Cet arrêté modifie l'arrêté du 19 juillet 1954 relatif à la réception des véhicules automobiles, en introduisant des dispositions spécifiques concernant les véhicules transformés, notamment ceux convertis à une motorisation électrique ou soumis à des opérations de retrofit visant à réduire leurs émissions.

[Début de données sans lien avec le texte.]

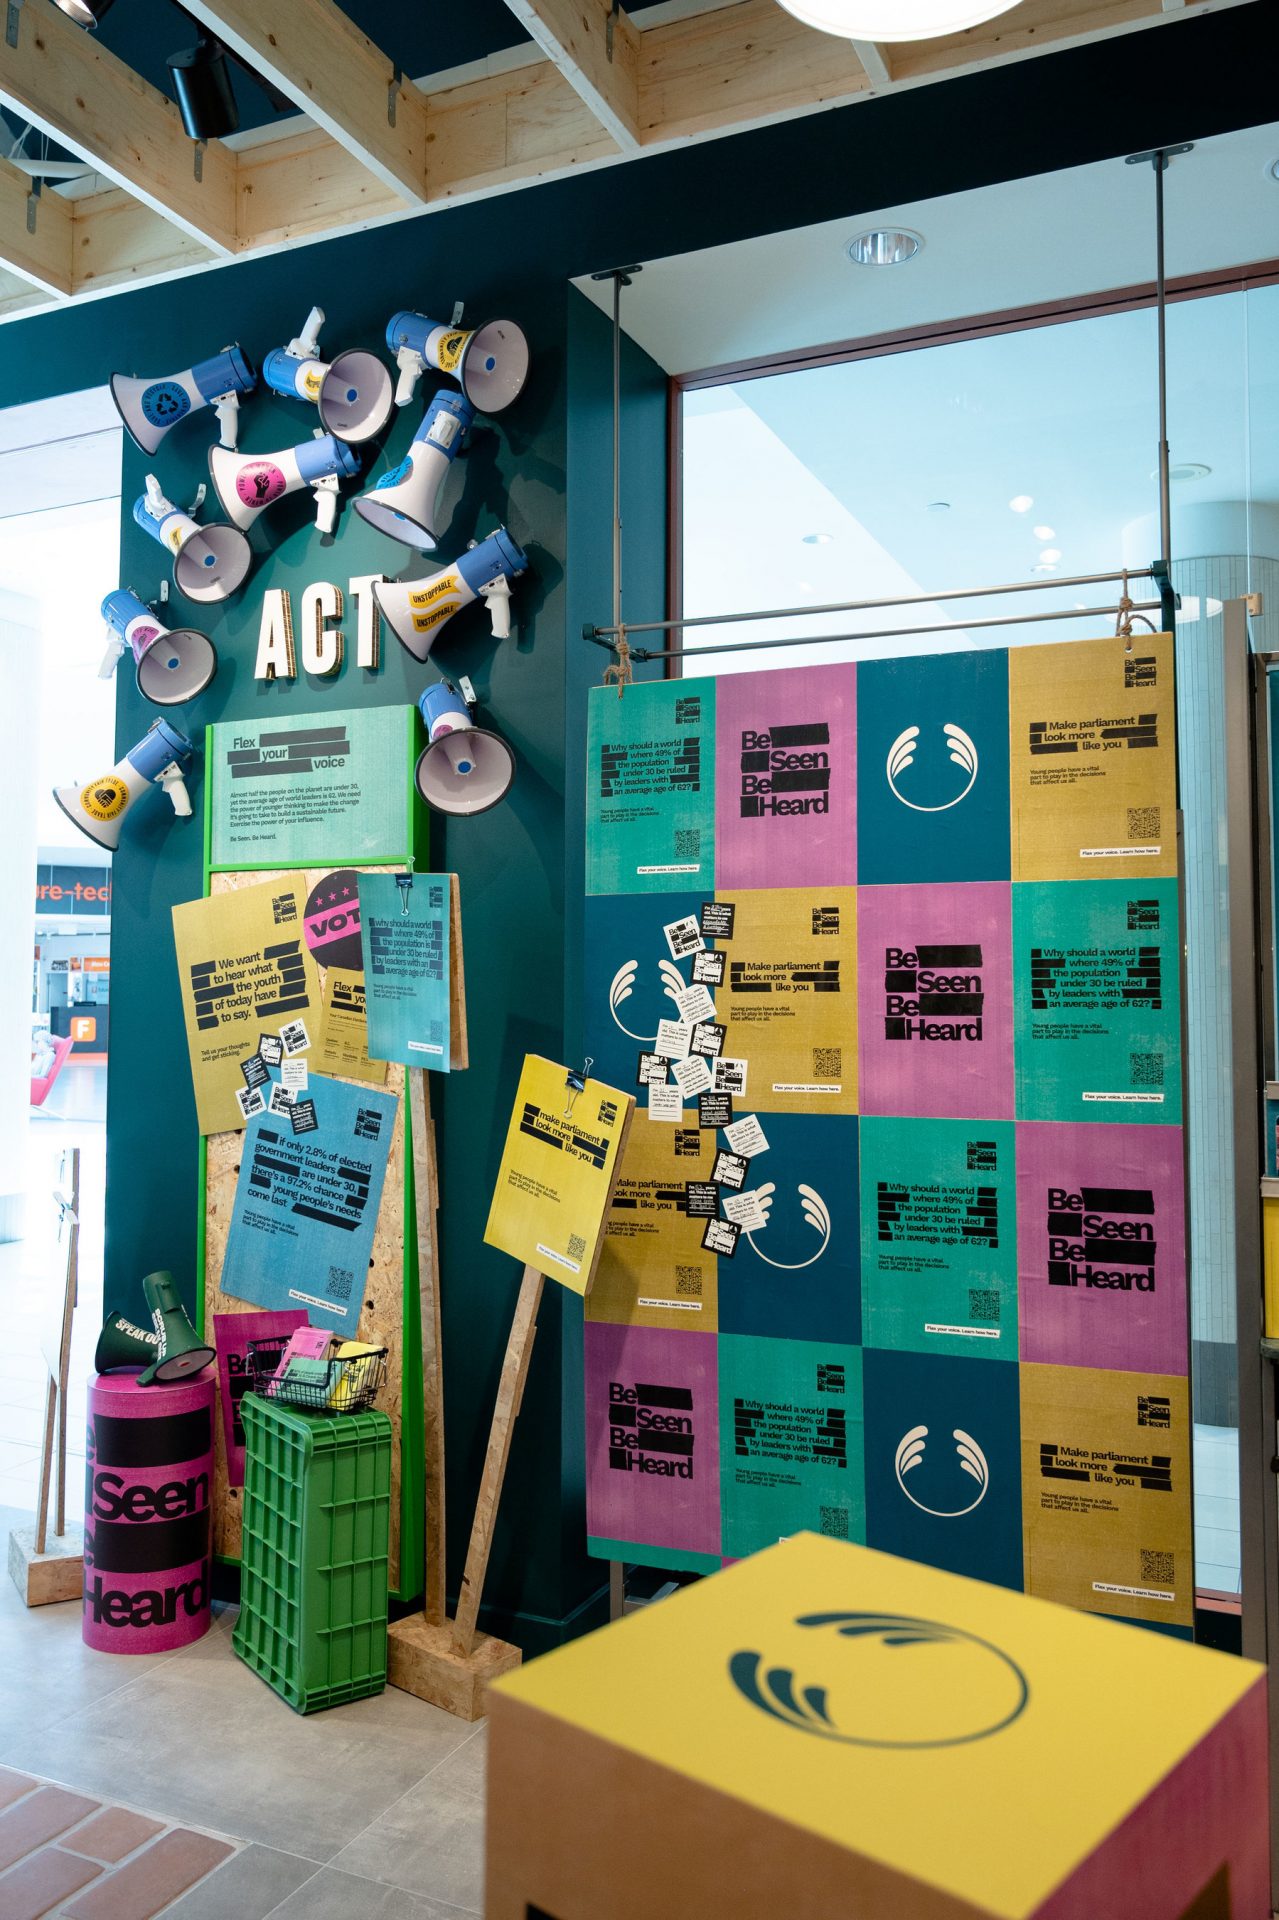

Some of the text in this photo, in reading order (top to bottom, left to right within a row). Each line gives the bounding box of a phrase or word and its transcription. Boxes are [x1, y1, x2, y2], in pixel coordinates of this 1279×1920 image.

L'article 1 supprime une exception existante et ajoute de nouvelles conditions pour les réceptions de véhicules transformés. Il précise que l'avis technique du constructeur du véhicule non transformé n'est plus requis dans deux cas : pour les conversions électriques conformes à l'arrêté du 13 mars 2020, et pour les transformations de véhicules dont la première immatriculation remonte à au moins cinq ans avant la conversion. Le texte établit également les responsabilités du transformateur, qui doit garantir l'intégrité du véhicule et assumer les éventuels défauts ou dysfonctionnements liés à la transformation, sans que ceux-ci ne soient couverts par la garantie du constructeur d'origine. Le transformateur doit informer les titulaires des certificats d'immatriculation des modalités de prise en charge de sa garantie.

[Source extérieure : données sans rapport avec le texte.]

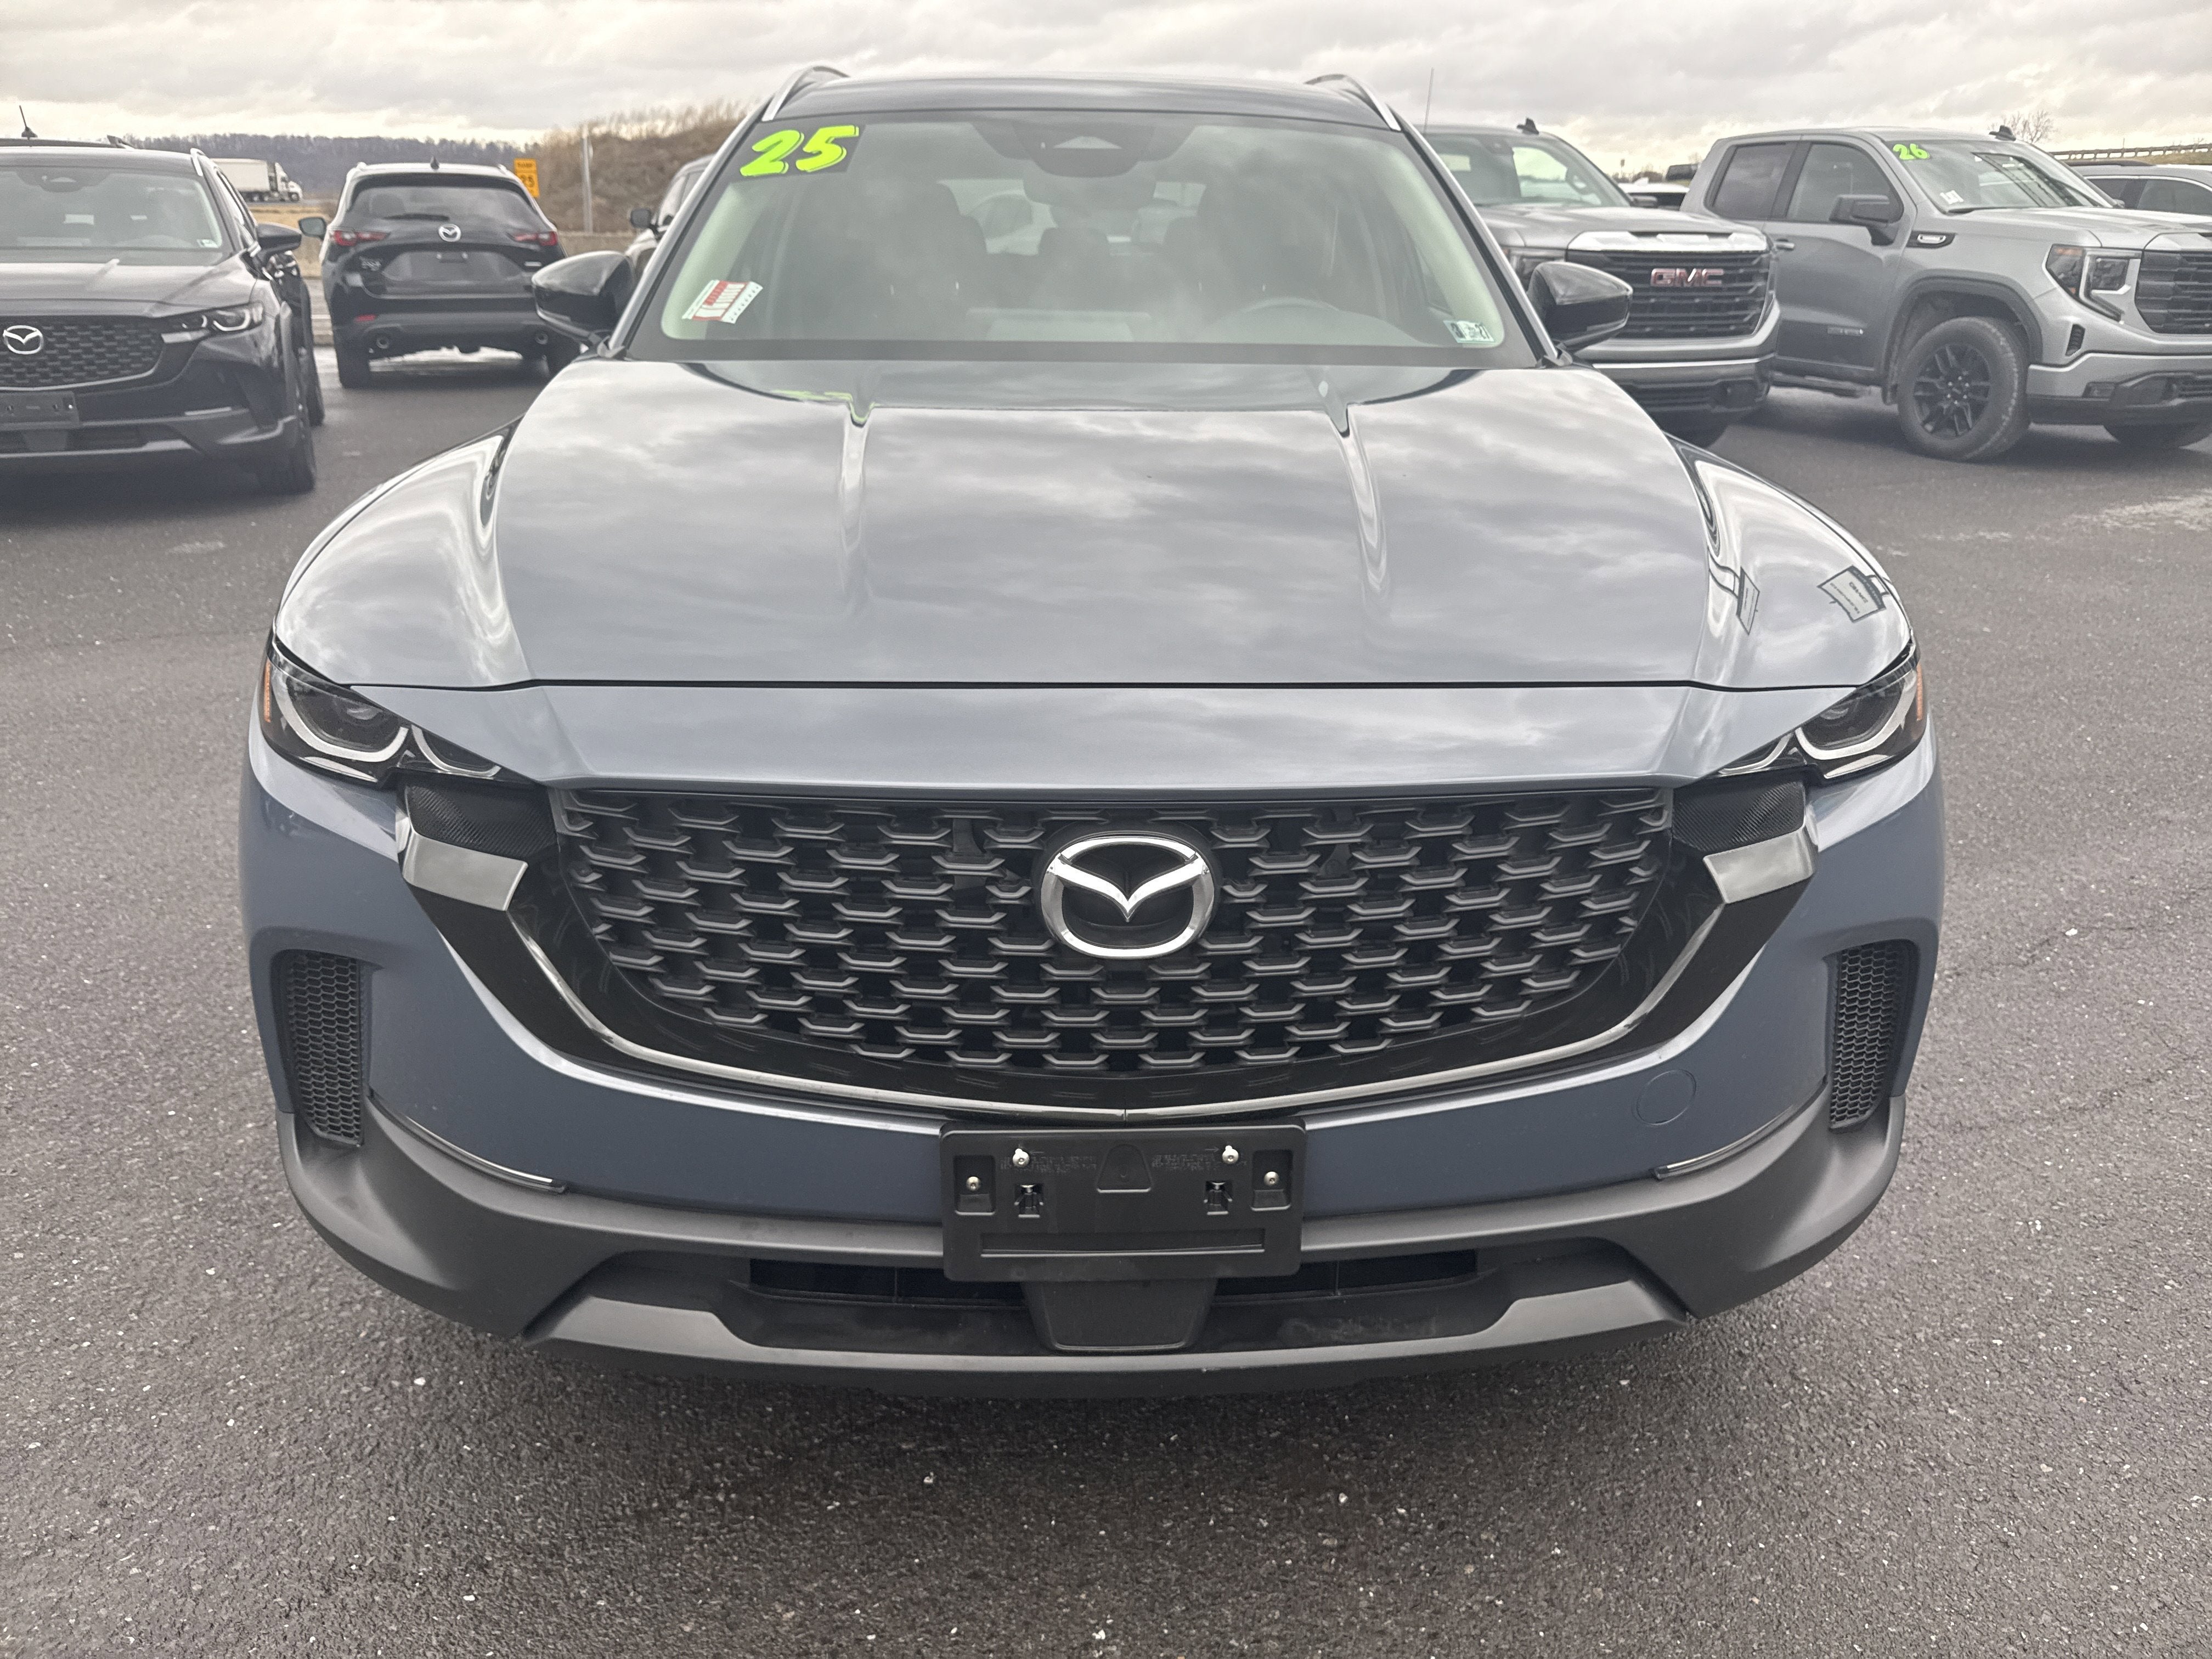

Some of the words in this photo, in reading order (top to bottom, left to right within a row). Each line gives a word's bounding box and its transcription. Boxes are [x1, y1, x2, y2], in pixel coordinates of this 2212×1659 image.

L'article 2 apporte une correction mineure à l'article 14 bis de l'arrêté de 1954, en ajustant une formulation relative à l'immatriculation des véhicules.

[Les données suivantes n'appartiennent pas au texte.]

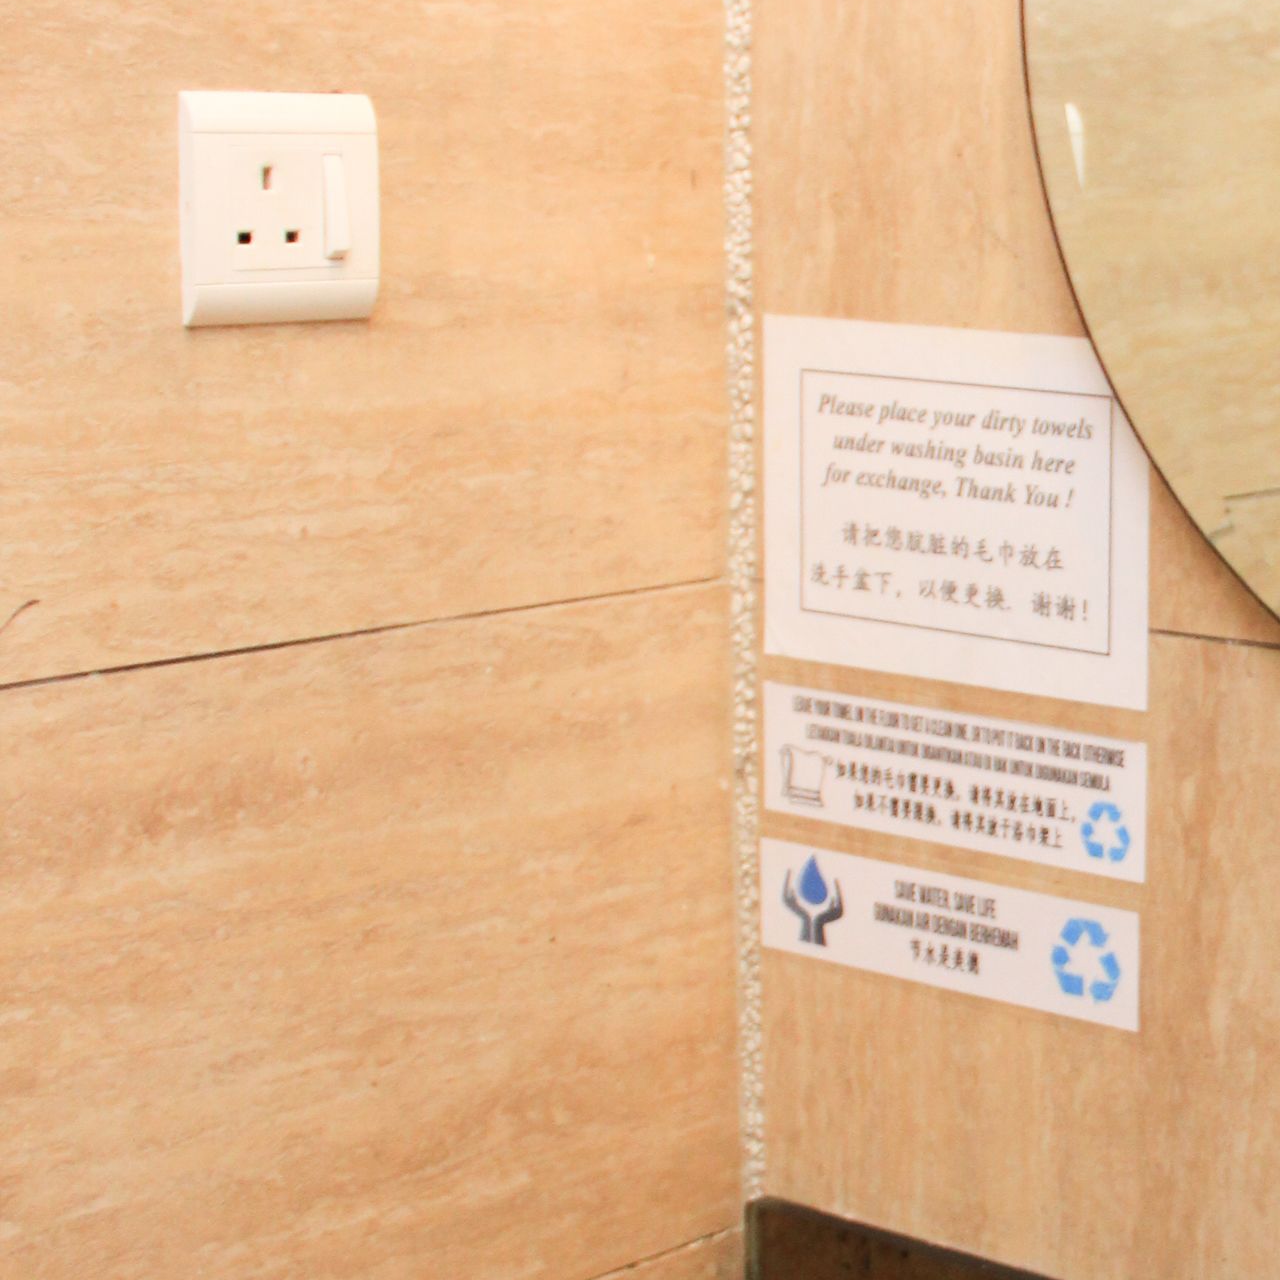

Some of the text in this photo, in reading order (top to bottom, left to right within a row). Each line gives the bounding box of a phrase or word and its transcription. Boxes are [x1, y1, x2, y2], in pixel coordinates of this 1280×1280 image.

[818, 393, 1093, 440] Please place your dirty towels
[833, 432, 1076, 475] under washing basin here
[821, 462, 850, 488] for
[855, 469, 947, 499] exchange,
[955, 476, 1016, 504] Thank
[1024, 483, 1059, 508] You

L'article 3 confie l'exécution de cet arrêté à la directrice générale de l'énergie et du climat. Les dispositions entrent en vigueur dès le lendemain de leur publication. Les publics concernés incluent les administrations, les professionnels de l'automobile, les fabricants, les installateurs et les utilisateurs de véhicules transformés. L'objectif est de simplifier les procédures d'agrément des prototypes pour les changements de motorisation ou de source d'énergie, tout en encadrant les responsabilités des transformateurs.